Publication: Journal of Teacher Education
Publication Date: 01-NOV-08
Format: Online
Delivery: Immediate Online Access
Full Article Title: Why should I be a teacher?(Report)

Article Excerpt
The teaching profession remains under siege (see Pinar, 2004), and more and more teachers are leaving the profession after only a few years in the school setting. Those who remain in the profession work harder but too often, with less reward. The satisfactions of this impossibly complex and difficult profession are less and less obvious in this era of accountability and high stakes testing. Traditional satisfactions of teaching often espoused in the literature are harder to realize and even harder to believe in. In a graduate class I recently taught, an interesting occurrence took place. The class citizenry consisted of folk already engaged in, or committed to, the teaching profession, and we gathered in the late afternoon and early evening every week to study. And many study sessions began with vigorous complaint--about their lives in school; about students and parents, and administrators and colleagues; about the system and the government and the standardized tests, and about poverty and disadvantaged homes and feelings of powerlessness. And suddenly LaMont, a handsome tall young man with a honied voice, looked about the group and said, "You know, sometimes I sit here, and I listen to you folks, and I don't know if I want to teach at all." I was startled: it struck me that if life was as horrible as these teachers described, then who, indeed, would choose to be a teacher. I recalled a story: "Sometimes," the Rabbi said, "I am so disgusted with the world that I would like to vomit it up. But then I think, is the world mine to throw up?" Well, I thought, that is one answer.
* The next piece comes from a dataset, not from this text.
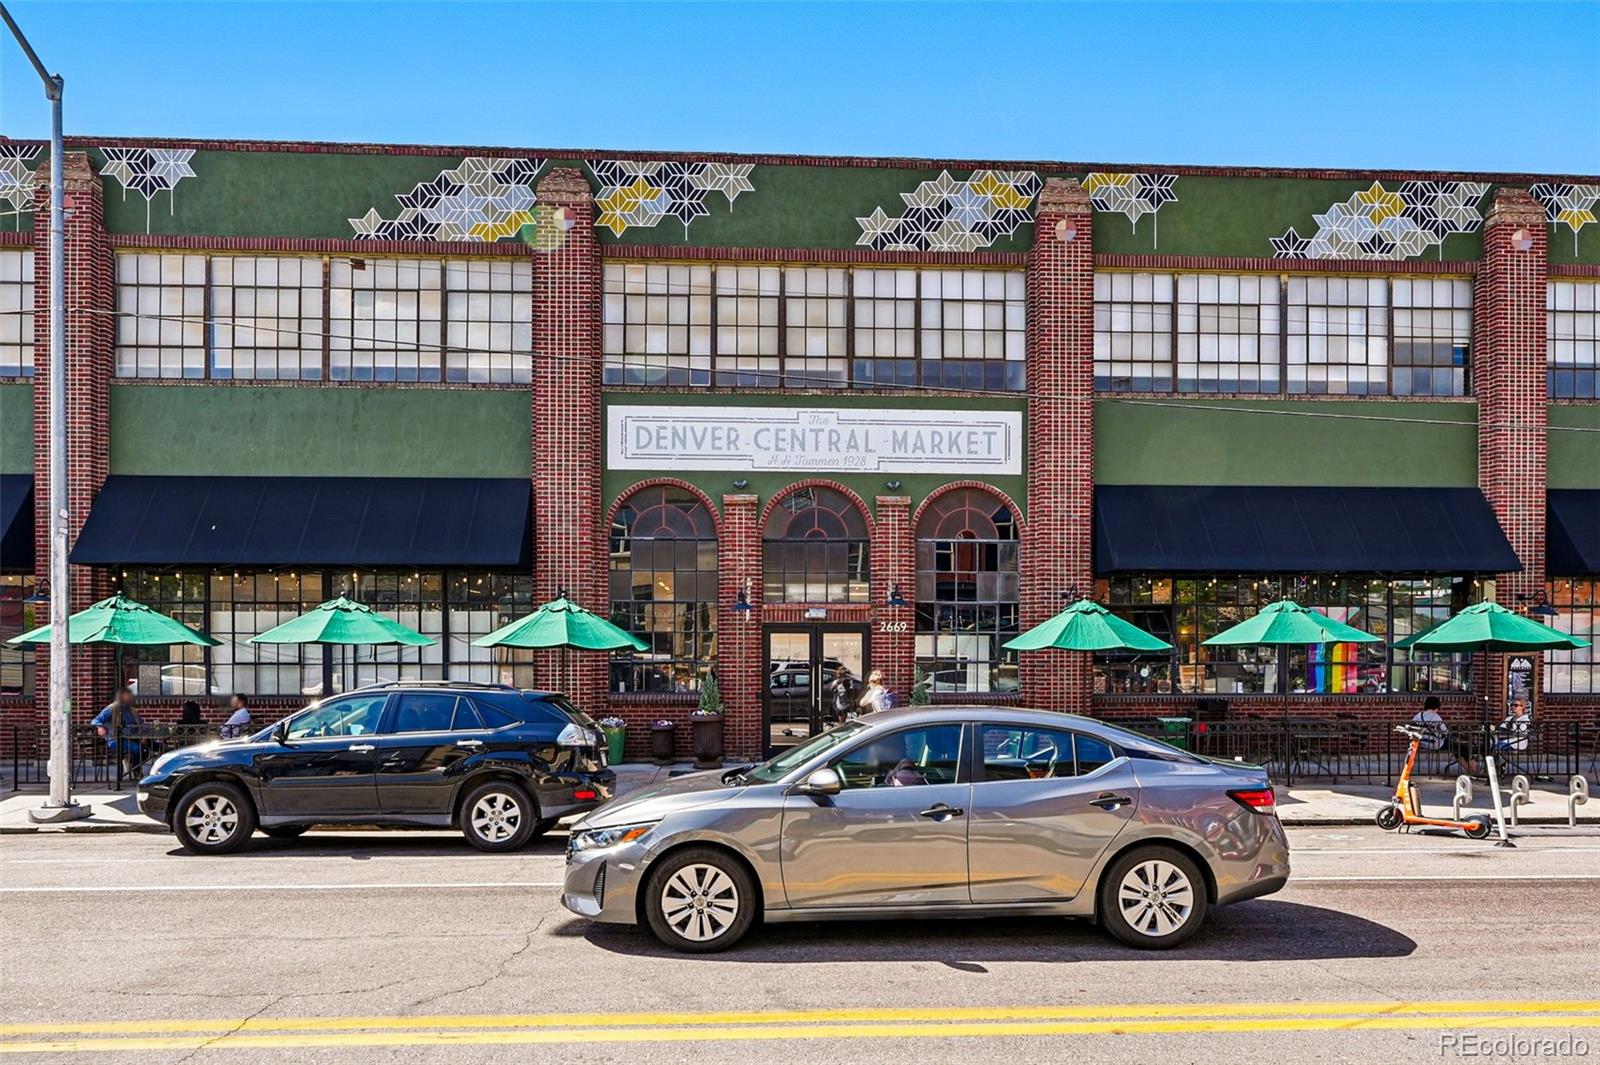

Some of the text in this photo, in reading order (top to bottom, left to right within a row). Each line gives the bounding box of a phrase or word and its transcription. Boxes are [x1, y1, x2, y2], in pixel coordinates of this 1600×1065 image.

Perhaps, I considered, in this classroom it was necessary to first vomit up all of the bile and the daily difficulties and indignities of our lives before we could begin to produce new ideas. Perhaps the vituperative talk was a cleansing-like the mikvah, the ritual baths of Jewish custom. One assumes a certain impurity before entering the mikvah, and after immersion there, one feels cleansed. But how sullied the water must get after every bather! The Rabbis mandate that the mikvah consist of swirling waters to ensure the hope of renewal. It is, I suspect, my responsibility to ensure that the waters swirl! And this I think, is one of the satisfactions of teaching.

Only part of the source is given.